Tyle mamy co nasza historia. Ale przecież i ona nie należy wyłącznie do nas. Wszyscy inni aktorzy w niej występujący mają inny kąt widzenia na to samo przedstawienie. I mają do tego prawo – a ich kąt widzenia niekoniecznie pokrywa się z naszym. Dotyczy to i wydarzeń niedawnych, ale też tych z zeszłego wieku, ba! nawet z zeszłego tysiąclecia.

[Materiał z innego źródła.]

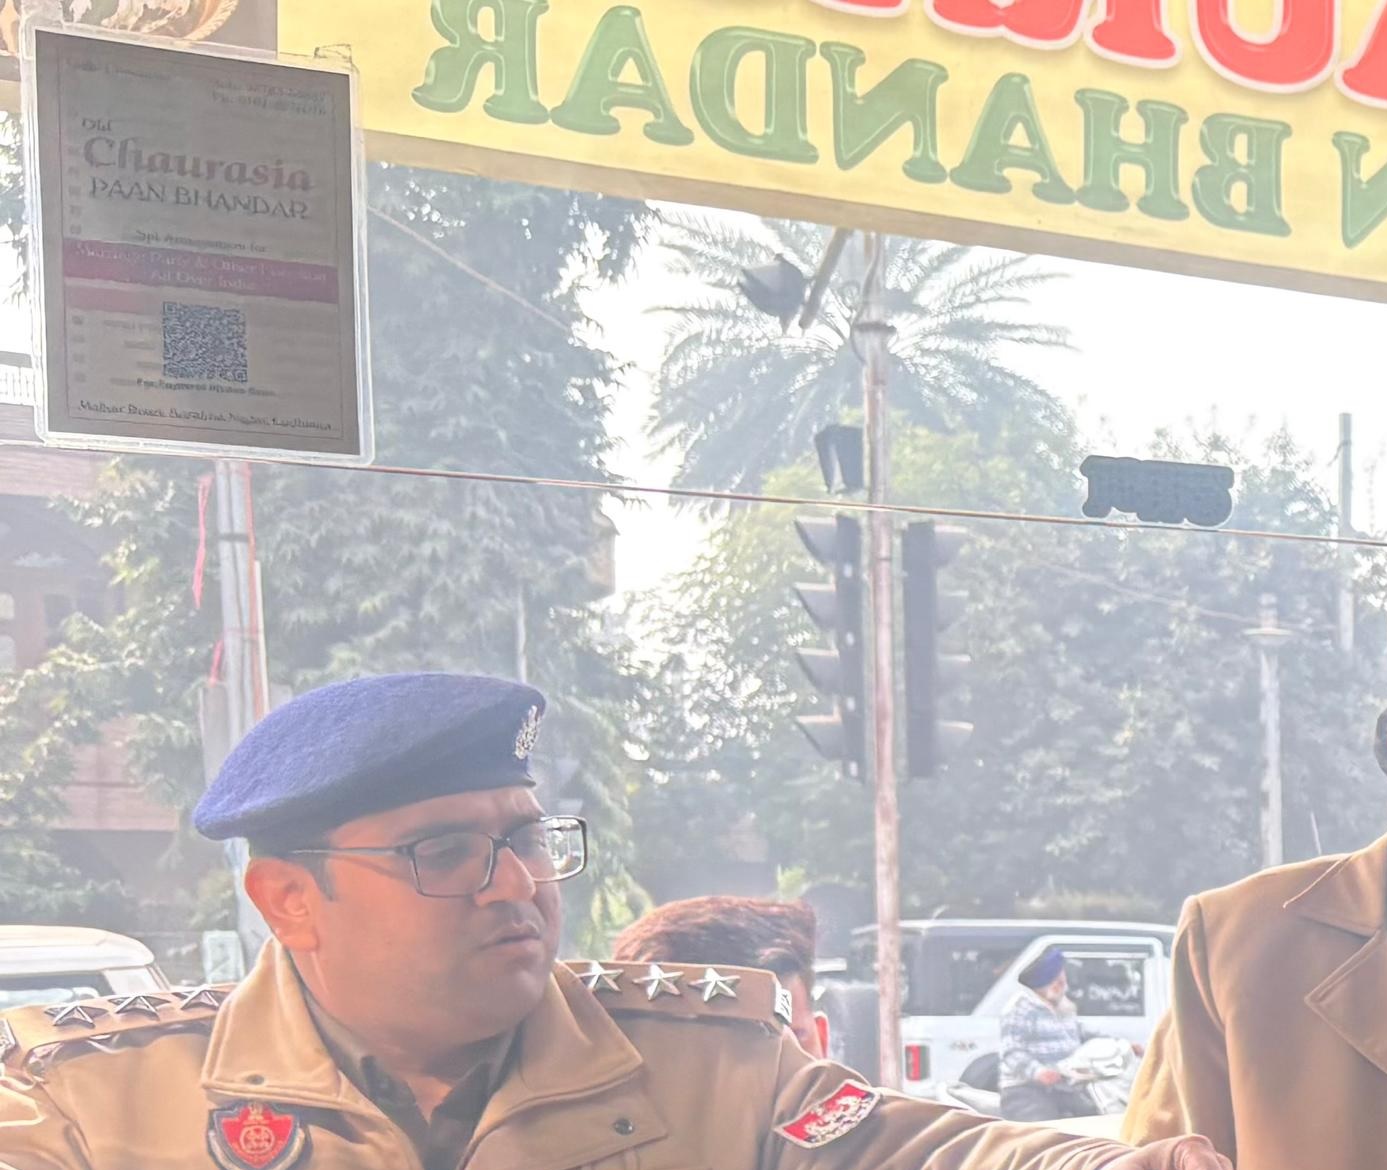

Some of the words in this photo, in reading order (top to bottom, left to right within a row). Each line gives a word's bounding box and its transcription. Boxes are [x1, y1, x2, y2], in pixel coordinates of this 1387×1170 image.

[82, 136, 313, 192] Chaurasia
[89, 175, 166, 203] PAAN
[174, 187, 309, 219] BHANDAR

Niedawno byłam z koleżanką w nowym polskim sklepie Sanok w Etobicoke (the Queensway & Royal York). South West End – południowo zachodnia część miasta. Kiedyś w tej części miasta mieszkało sporo Polaków. Było kilka polskich sklepów: słynny Czechowski z przepysznymi wędlinami, także Family Meat, ciastkarnia, polskie fryzjerki. Potem jakoś się to wszystko porozjeżdżało do pobliskiej Mississaugi, do Brampton. Młodzi, jak to młodzi, wyfrunęli w świat. Dalej jeszcze mieszka w tej części sporo Polaków, co można poznać po polskich produktach oferowanych w dużych spożywczych dyskontach. I tak w pobliskim no-frillsie (nazywanym od żółtego napisu żółtkiem choć właścicielem jest Cosimo), można dostać całkiem niezły chleb zakopiański. Trochę dalej w stronę centrum jest polska restauracje Kovalsky – z przepysznymi plackami ziemniaczanymi. Po przeciwnej stronie ulicy Queensway do niedawna jeszcze była polska restauracja Izba. Na południe od tego skrzyżowania, przy ulicy Judson, ma swoją siedzibę Związek Narodowy Polski, Gmina 1-sza. To chyba ostatnia aktywna ostoja polskości i kultury polskiej w tym rejonie. Na ulicach jeszcze da się usłyszeć polską mowę, ale to raczej starsi się nie posługują. Dla młodych językiem naturalnym jest język zabawy i nauki – czyli angielski.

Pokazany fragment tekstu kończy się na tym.